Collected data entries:
== Segment start ==
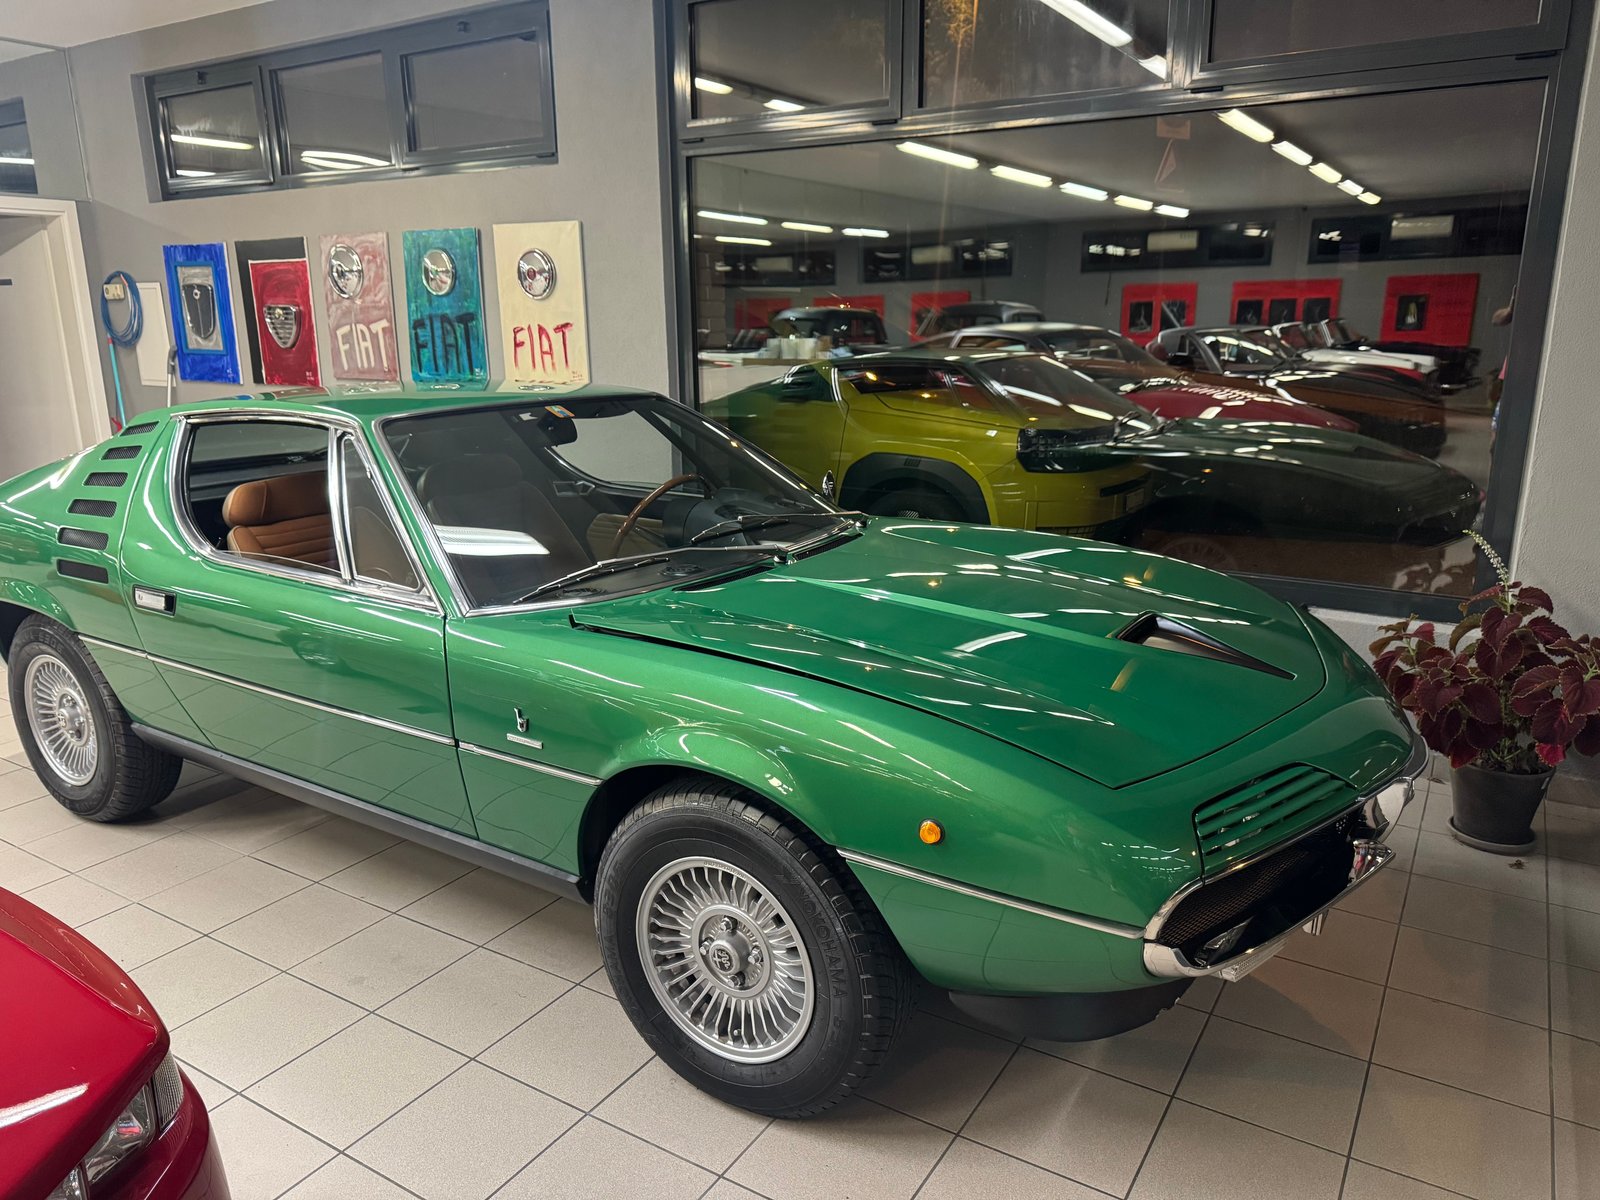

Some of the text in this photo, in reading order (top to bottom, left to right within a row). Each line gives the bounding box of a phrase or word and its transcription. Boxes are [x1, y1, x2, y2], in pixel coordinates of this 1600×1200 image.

[336, 318, 390, 371] FIAT
[412, 312, 475, 375] FIAT
[512, 321, 573, 374] FIAT
[801, 886, 849, 999] YOKOHAMA
== Segment end ==
* Instructions for the task: Copy the entries exactly. Leave the pictures out.

* Solution for this exercise:
Some of the text in this photo, in reading order (top to bottom, left to right within a row). Each line gives the bounding box of a phrase or word and its transcription. Boxes are [x1, y1, x2, y2], in pixel coordinates of this 1600×1200 image.

[336, 318, 390, 371] FIAT
[412, 312, 475, 375] FIAT
[512, 321, 573, 374] FIAT
[801, 886, 849, 999] YOKOHAMA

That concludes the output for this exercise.